-------- Data records --------
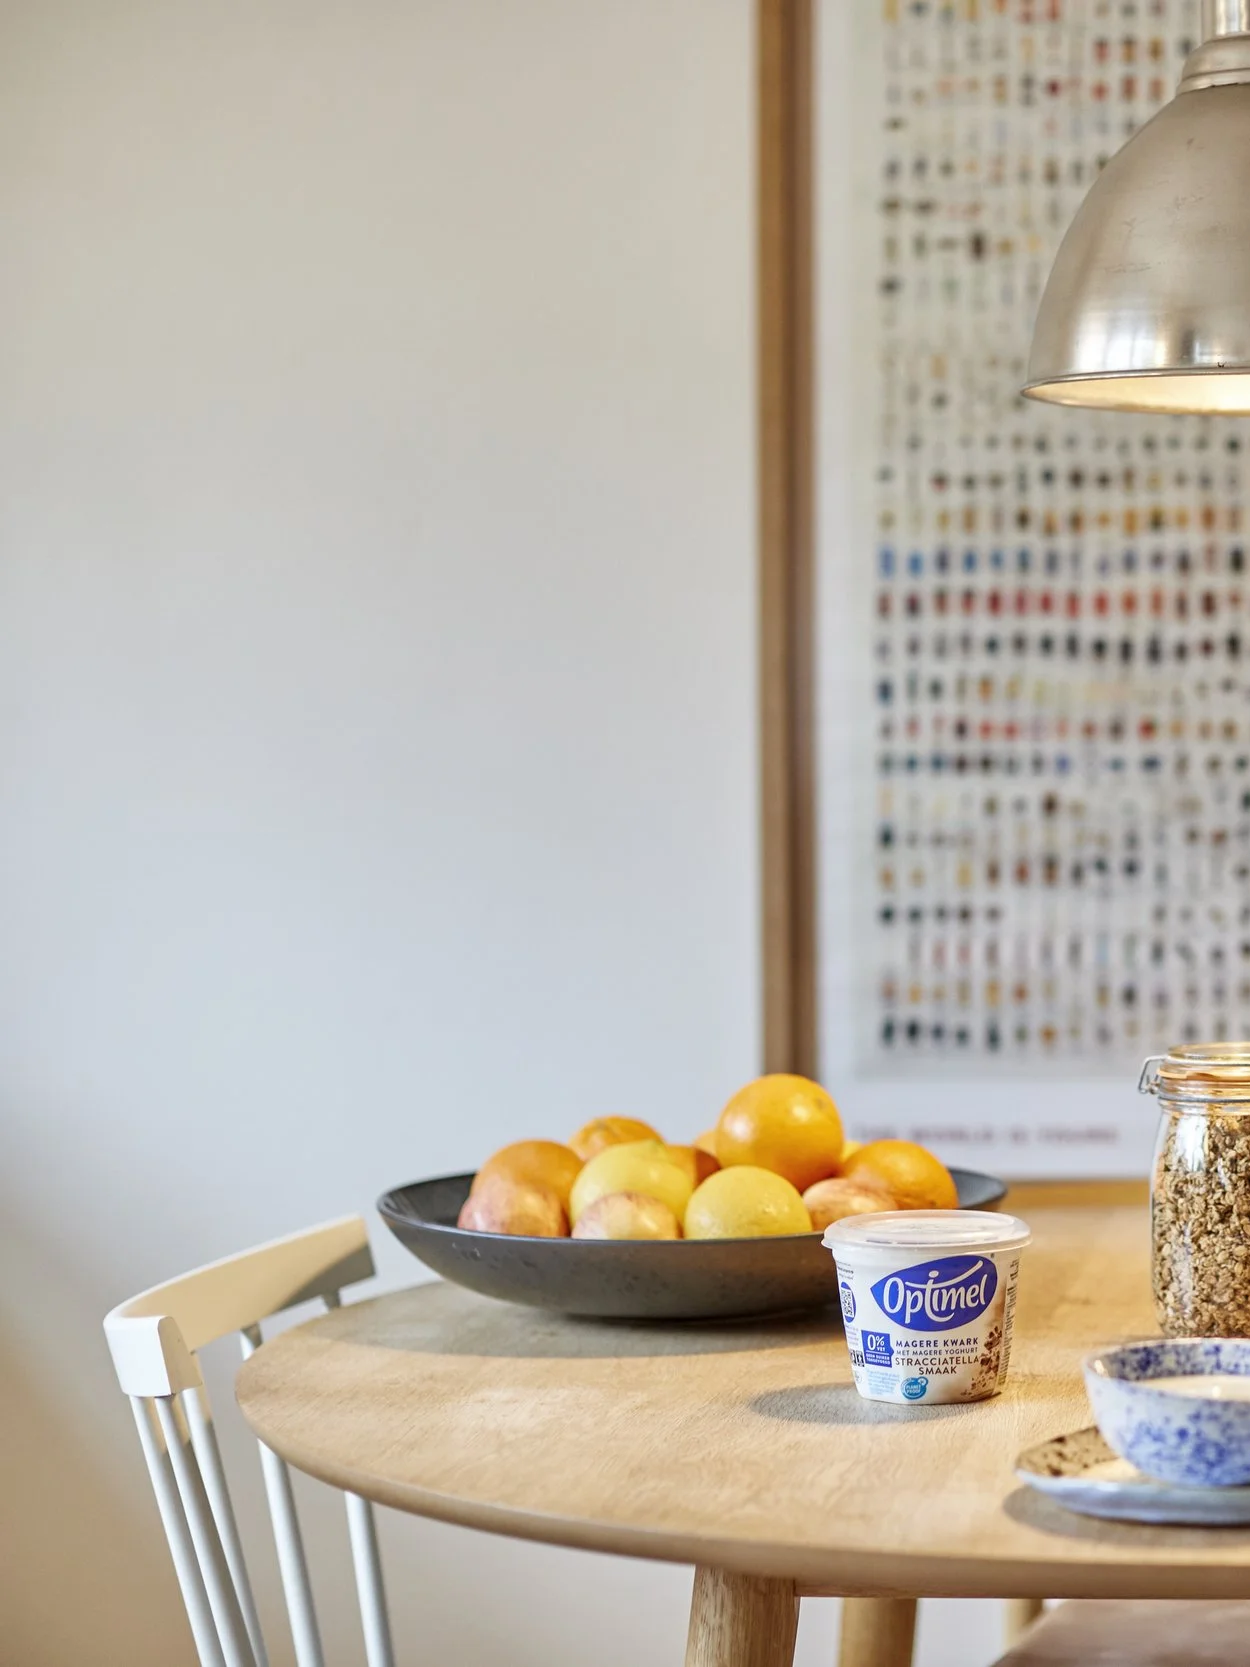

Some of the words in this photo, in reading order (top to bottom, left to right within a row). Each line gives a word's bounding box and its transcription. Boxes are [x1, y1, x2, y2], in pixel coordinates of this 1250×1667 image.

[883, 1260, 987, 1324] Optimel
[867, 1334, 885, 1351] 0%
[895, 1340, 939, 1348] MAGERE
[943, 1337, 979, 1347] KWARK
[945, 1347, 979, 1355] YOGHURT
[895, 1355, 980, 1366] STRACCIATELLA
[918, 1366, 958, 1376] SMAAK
--------
Directions » Only the text of the records is to be reproduced exactly; skip the pictures.

The answer »
Some of the words in this photo, in reading order (top to bottom, left to right within a row). Each line gives a word's bounding box and its transcription. Boxes are [x1, y1, x2, y2], in pixel coordinates of this 1250×1667 image.

[883, 1260, 987, 1324] Optimel
[867, 1334, 885, 1351] 0%
[895, 1340, 939, 1348] MAGERE
[943, 1337, 979, 1347] KWARK
[945, 1347, 979, 1355] YOGHURT
[895, 1355, 980, 1366] STRACCIATELLA
[918, 1366, 958, 1376] SMAAK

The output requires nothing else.